---------- SUPPLIED RECORDS

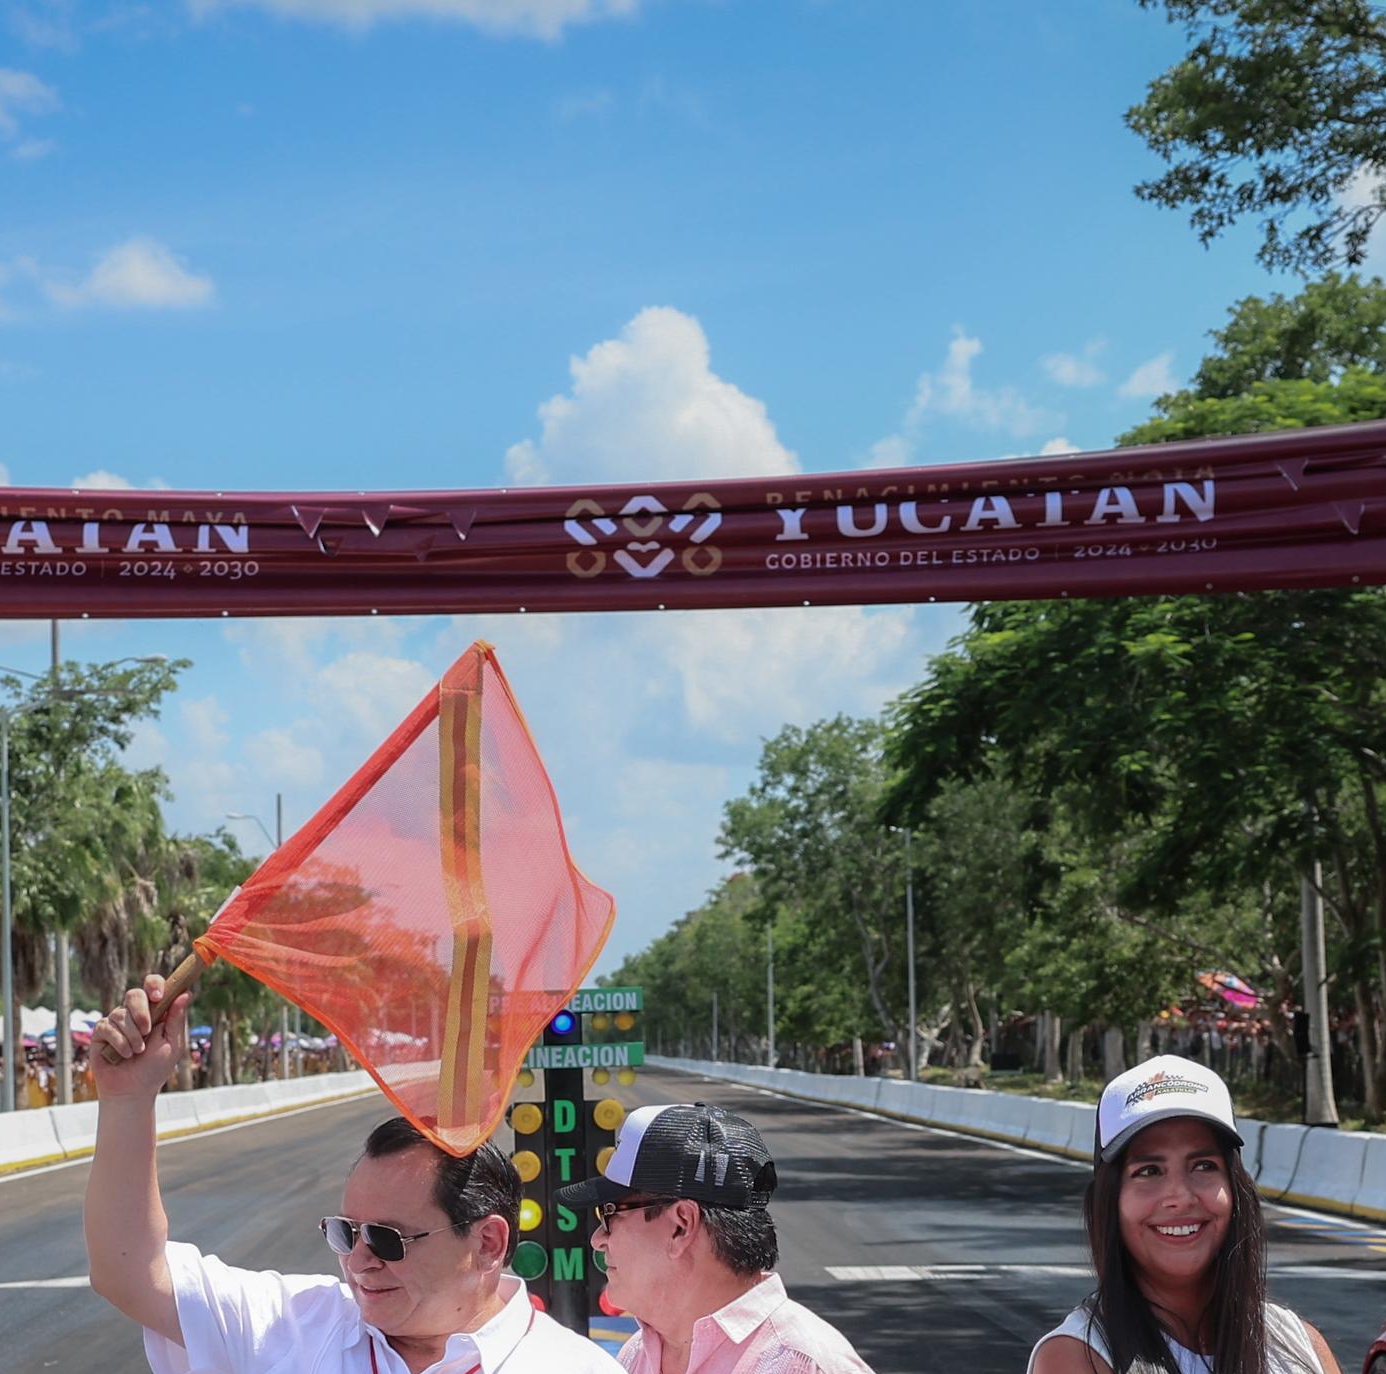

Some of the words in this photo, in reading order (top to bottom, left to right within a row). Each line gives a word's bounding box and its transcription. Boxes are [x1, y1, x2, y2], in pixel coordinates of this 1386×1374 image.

[765, 551, 890, 569] GOBIERNO
[899, 550, 943, 565] DEL
[951, 547, 1040, 564] ESTADO
[0, 561, 87, 576] ESTADO
[119, 560, 177, 579] 2024
[199, 560, 260, 580] 2030
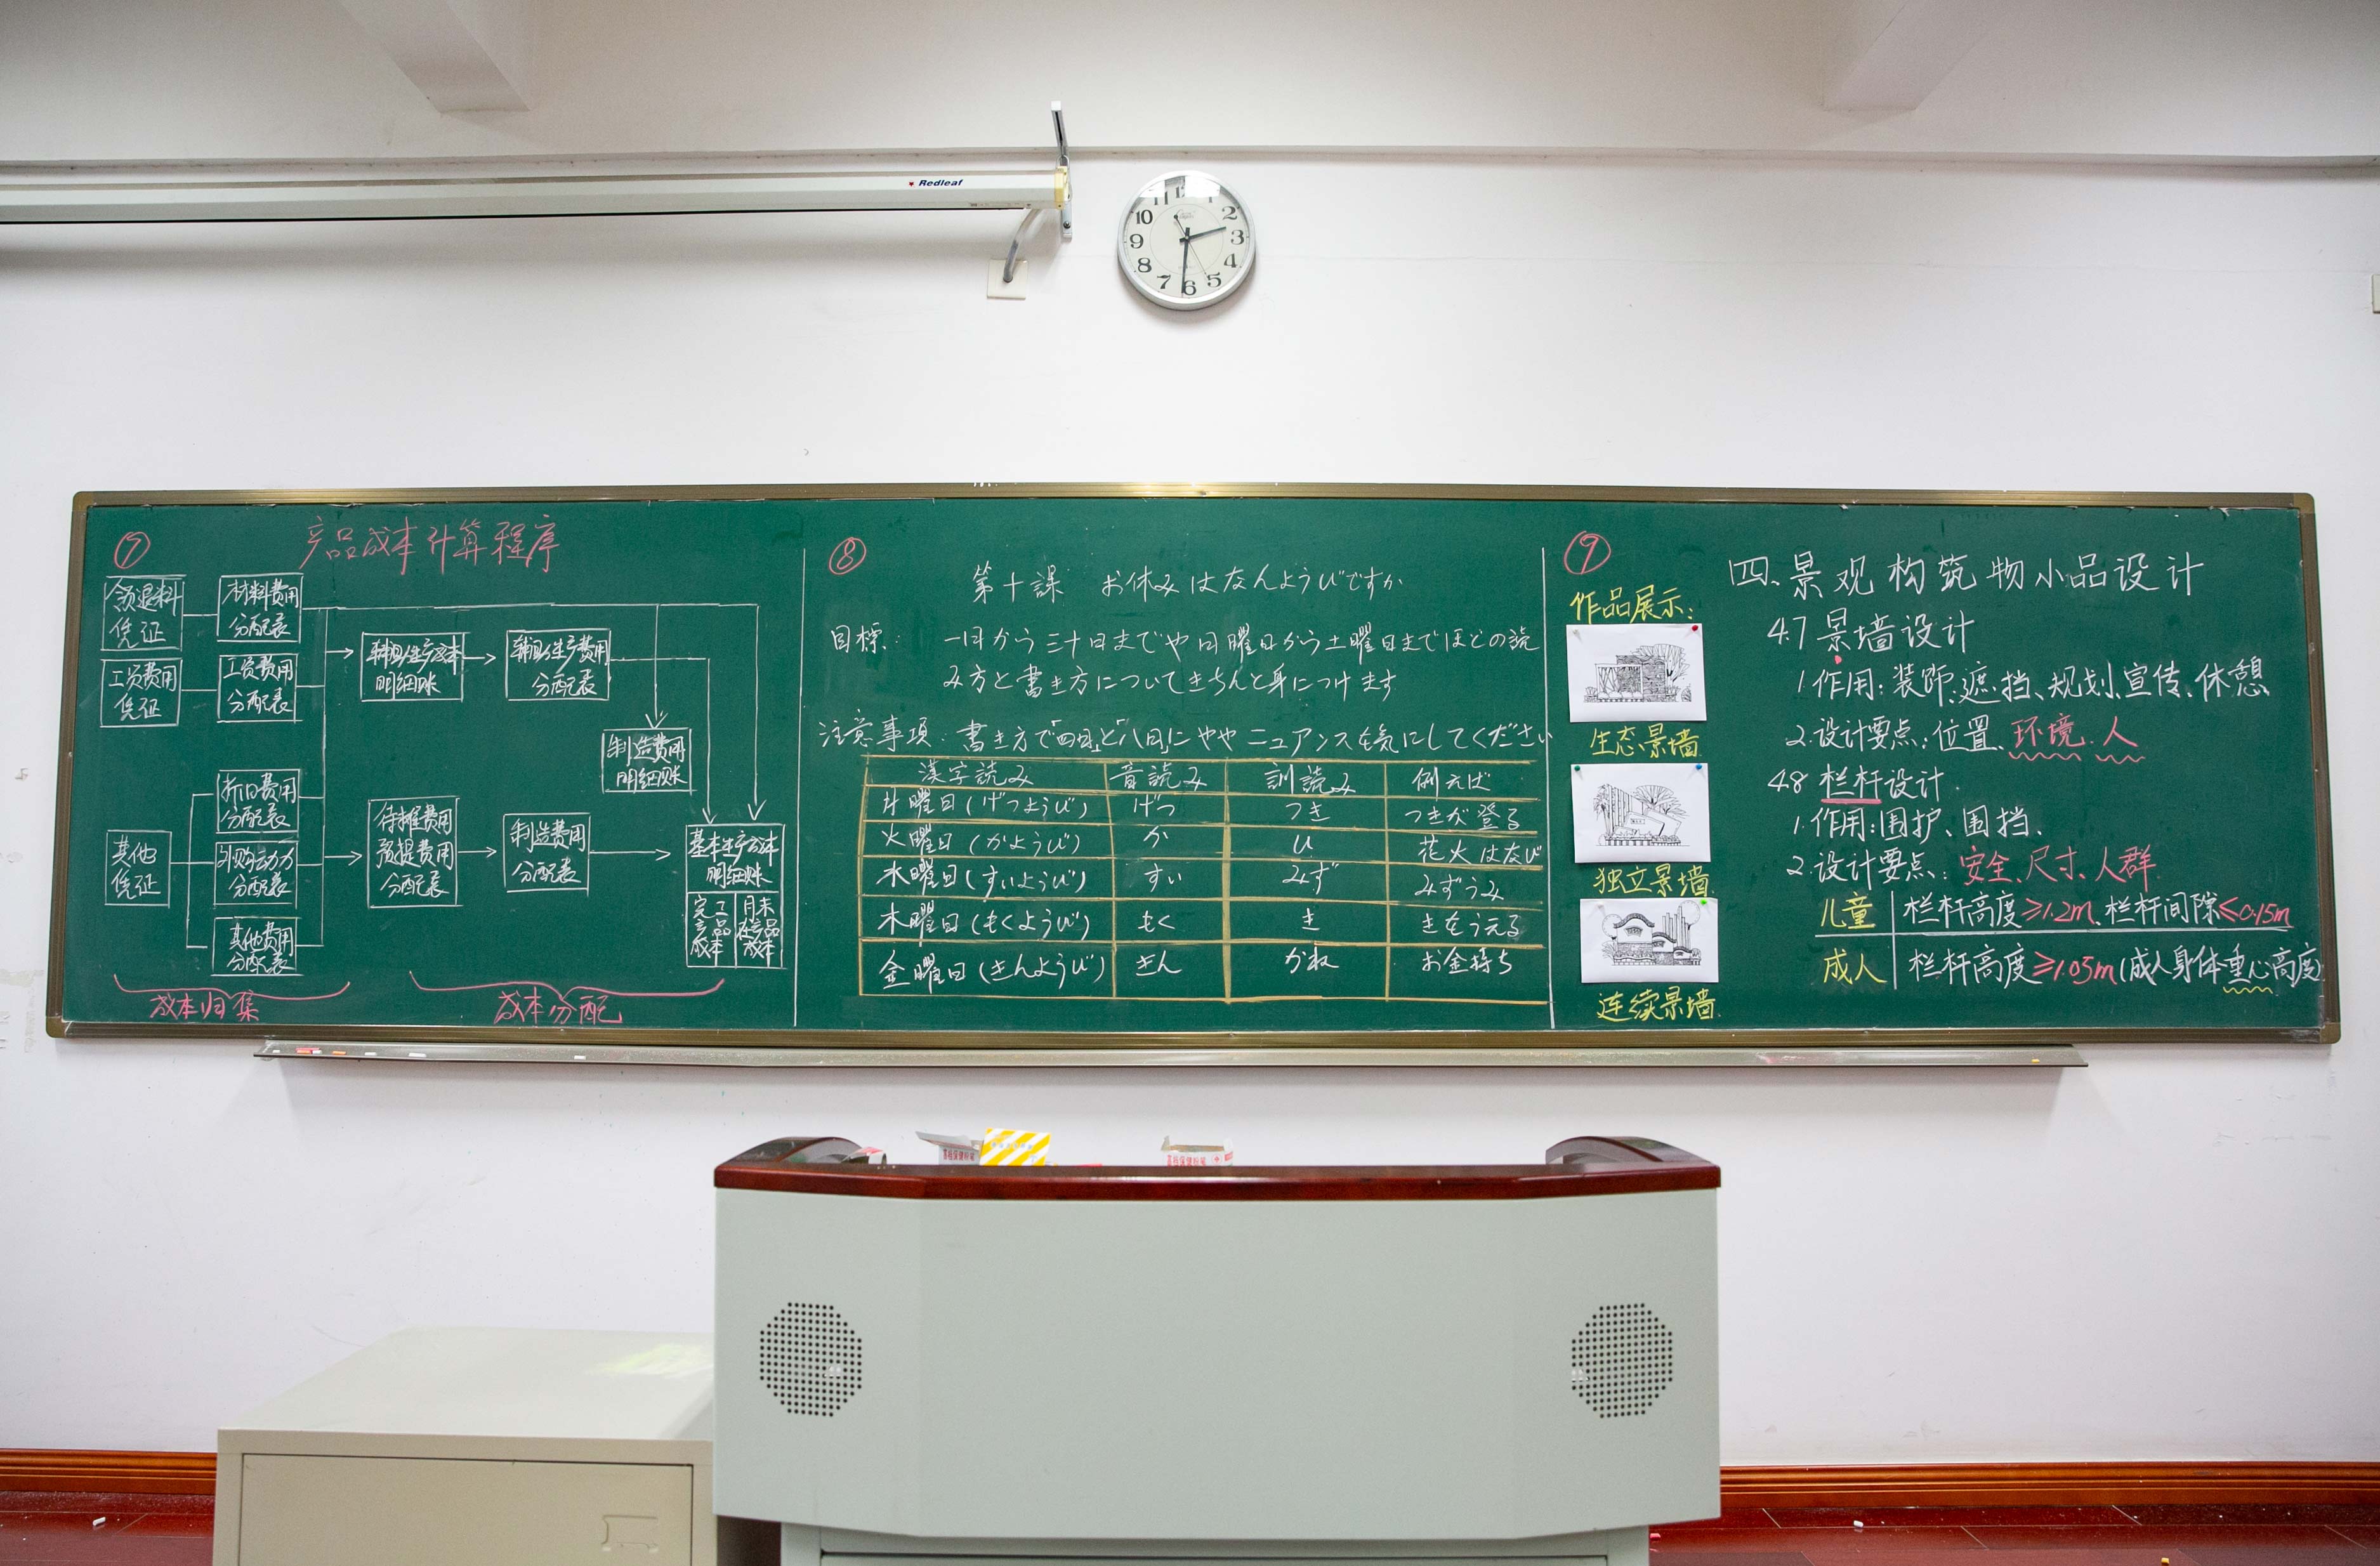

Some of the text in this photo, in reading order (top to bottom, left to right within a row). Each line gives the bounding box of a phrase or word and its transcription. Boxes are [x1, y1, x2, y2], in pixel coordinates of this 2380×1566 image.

[918, 179, 964, 187] Redleaf
[1136, 209, 1154, 225] 10
[1222, 206, 1238, 221] 2
[1129, 234, 1144, 249] 9
[1230, 230, 1245, 246] 3
[1138, 258, 1152, 273] 8
[1224, 253, 1239, 268] 4
[1157, 275, 1171, 289] 7
[1183, 280, 1197, 296] 6
[1207, 272, 1222, 287] 5
[299, 514, 560, 576] 产品成本计算程序
[222, 579, 300, 610] 材料费用
[971, 560, 1403, 604] 第十課 お休みはなんようびですか
[108, 617, 167, 650] 凭证
[229, 613, 292, 638] 分配表
[223, 654, 294, 682] 工资费用
[510, 634, 609, 674] 辅助生产费用
[107, 661, 177, 692] 工资费用
[376, 671, 442, 700] 明细账
[532, 669, 598, 697] 分配表
[114, 693, 162, 721] 凭证
[227, 689, 293, 716] 分配表
[606, 732, 687, 767] 制造费用
[1589, 722, 1701, 758] 生态景墙
[616, 764, 688, 791] 明细账
[917, 760, 1034, 786] 漢字読み
[1108, 761, 1208, 791] 音読み
[1264, 762, 1357, 796] 訓読み
[1412, 766, 1492, 798] 例えば
[220, 773, 297, 807] 折旧费用
[1133, 792, 1177, 816] げつ
[222, 803, 291, 832] 分配表
[374, 802, 453, 836] 待摊费用
[1285, 801, 1331, 823] つき
[1404, 803, 1522, 831] つきが登る
[509, 819, 587, 853] 制造费用
[687, 827, 780, 867] 基本生产成本
[1143, 825, 1169, 849] か
[1292, 835, 1314, 855] ひ
[111, 836, 157, 865] 其他
[216, 845, 295, 874] 外购动力
[376, 838, 454, 871] 预提费用
[111, 870, 162, 900] 凭证
[228, 871, 293, 898] 分配表
[381, 870, 450, 898] 分配表
[512, 857, 582, 885] 分配表
[706, 862, 773, 890] 明细账
[1143, 863, 1183, 893] すい
[1281, 862, 1340, 895] みず
[1593, 862, 1711, 898] 独立景墙
[1413, 873, 1505, 902] みずうみ
[693, 893, 729, 919] 完工
[744, 894, 775, 924] 月末
[1301, 907, 1320, 931] き
[1820, 892, 1876, 930] 儿童
[692, 918, 732, 939] 产品
[736, 916, 780, 942] 在产品
[1138, 910, 1176, 933] もく
[1421, 910, 1522, 938] きをうえる
[229, 921, 293, 957] 其他费用
[690, 936, 724, 967] 成本
[742, 938, 776, 968] 成本
[227, 951, 296, 973] 分配表
[1134, 949, 1183, 977] きん
[1284, 947, 1340, 974] かね
[1421, 945, 1513, 975] お金持ち
[1822, 947, 1888, 985] 成人
[150, 989, 260, 1023] 成本归集
[493, 985, 623, 1025] 成本分配
[1596, 985, 1716, 1022] 连续景墙
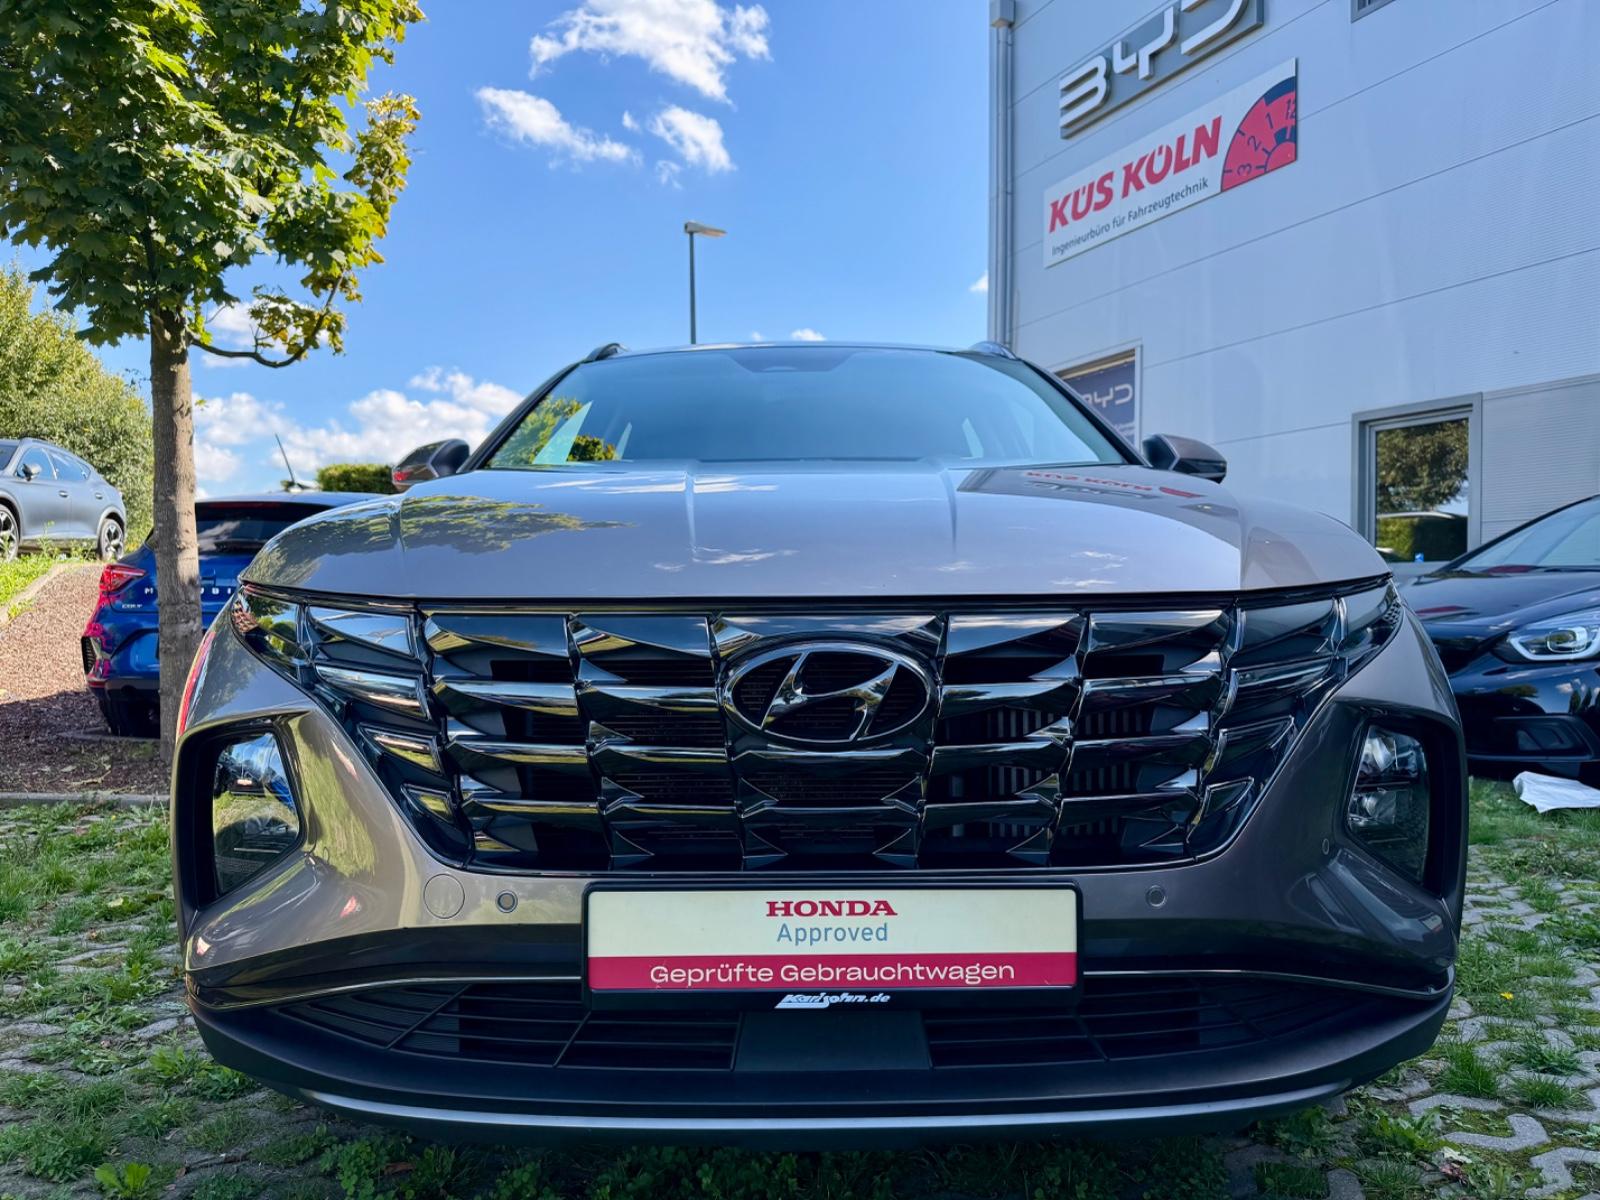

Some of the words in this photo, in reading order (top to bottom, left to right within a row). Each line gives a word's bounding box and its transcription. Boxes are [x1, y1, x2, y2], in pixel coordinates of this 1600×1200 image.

[1049, 171, 1114, 233] KÜS
[1121, 115, 1222, 199] KÖLN
[1052, 223, 1110, 256] Ingenieurbüro
[1112, 214, 1125, 229] für
[1128, 177, 1209, 223] Fahrzeugtechnik
[766, 900, 898, 917] HONDA
[777, 922, 888, 946] Approved
[650, 964, 774, 986] Geprüfte
[780, 962, 1015, 985] Gebrauchtwagen

--------------------

The entries above, without their pictures, should be written out exactly.

:: REPLY ::
Some of the words in this photo, in reading order (top to bottom, left to right within a row). Each line gives a word's bounding box and its transcription. Boxes are [x1, y1, x2, y2], in pixel coordinates of this 1386×1374 image.

[765, 551, 890, 569] GOBIERNO
[899, 550, 943, 565] DEL
[951, 547, 1040, 564] ESTADO
[0, 561, 87, 576] ESTADO
[119, 560, 177, 579] 2024
[199, 560, 260, 580] 2030

Some of the text in this photo, in reading order (top to bottom, left to right within a row). Each line gives the bounding box of a phrase or word and its transcription. Boxes are [x1, y1, x2, y2], in pixel coordinates of this 2380×1566 image.

[918, 179, 964, 187] Redleaf
[1136, 209, 1154, 225] 10
[1222, 206, 1238, 221] 2
[1129, 234, 1144, 249] 9
[1230, 230, 1245, 246] 3
[1138, 258, 1152, 273] 8
[1224, 253, 1239, 268] 4
[1157, 275, 1171, 289] 7
[1183, 280, 1197, 296] 6
[1207, 272, 1222, 287] 5
[299, 514, 560, 576] 产品成本计算程序
[222, 579, 300, 610] 材料费用
[971, 560, 1403, 604] 第十課 お休みはなんようびですか
[108, 617, 167, 650] 凭证
[229, 613, 292, 638] 分配表
[223, 654, 294, 682] 工资费用
[510, 634, 609, 674] 辅助生产费用
[107, 661, 177, 692] 工资费用
[376, 671, 442, 700] 明细账
[532, 669, 598, 697] 分配表
[114, 693, 162, 721] 凭证
[227, 689, 293, 716] 分配表
[606, 732, 687, 767] 制造费用
[1589, 722, 1701, 758] 生态景墙
[616, 764, 688, 791] 明细账
[917, 760, 1034, 786] 漢字読み
[1108, 761, 1208, 791] 音読み
[1264, 762, 1357, 796] 訓読み
[1412, 766, 1492, 798] 例えば
[220, 773, 297, 807] 折旧费用
[1133, 792, 1177, 816] げつ
[222, 803, 291, 832] 分配表
[374, 802, 453, 836] 待摊费用
[1285, 801, 1331, 823] つき
[1404, 803, 1522, 831] つきが登る
[509, 819, 587, 853] 制造费用
[687, 827, 780, 867] 基本生产成本
[1143, 825, 1169, 849] か
[1292, 835, 1314, 855] ひ
[111, 836, 157, 865] 其他
[216, 845, 295, 874] 外购动力
[376, 838, 454, 871] 预提费用
[111, 870, 162, 900] 凭证
[228, 871, 293, 898] 分配表
[381, 870, 450, 898] 分配表
[512, 857, 582, 885] 分配表
[706, 862, 773, 890] 明细账
[1143, 863, 1183, 893] すい
[1281, 862, 1340, 895] みず
[1593, 862, 1711, 898] 独立景墙
[1413, 873, 1505, 902] みずうみ
[693, 893, 729, 919] 完工
[744, 894, 775, 924] 月末
[1301, 907, 1320, 931] き
[1820, 892, 1876, 930] 儿童
[692, 918, 732, 939] 产品
[736, 916, 780, 942] 在产品
[1138, 910, 1176, 933] もく
[1421, 910, 1522, 938] きをうえる
[229, 921, 293, 957] 其他费用
[690, 936, 724, 967] 成本
[742, 938, 776, 968] 成本
[227, 951, 296, 973] 分配表
[1134, 949, 1183, 977] きん
[1284, 947, 1340, 974] かね
[1421, 945, 1513, 975] お金持ち
[1822, 947, 1888, 985] 成人
[150, 989, 260, 1023] 成本归集
[493, 985, 623, 1025] 成本分配
[1596, 985, 1716, 1022] 连续景墙

Some of the words in this photo, in reading order (top to bottom, left to right within a row). Each line gives a word's bounding box and its transcription. Boxes are [x1, y1, x2, y2], in pixel coordinates of this 1600×1200 image.

[1049, 171, 1114, 233] KÜS
[1121, 115, 1222, 199] KÖLN
[1052, 223, 1110, 256] Ingenieurbüro
[1112, 214, 1125, 229] für
[1128, 177, 1209, 223] Fahrzeugtechnik
[766, 900, 898, 917] HONDA
[777, 922, 888, 946] Approved
[650, 964, 774, 986] Geprüfte
[780, 962, 1015, 985] Gebrauchtwagen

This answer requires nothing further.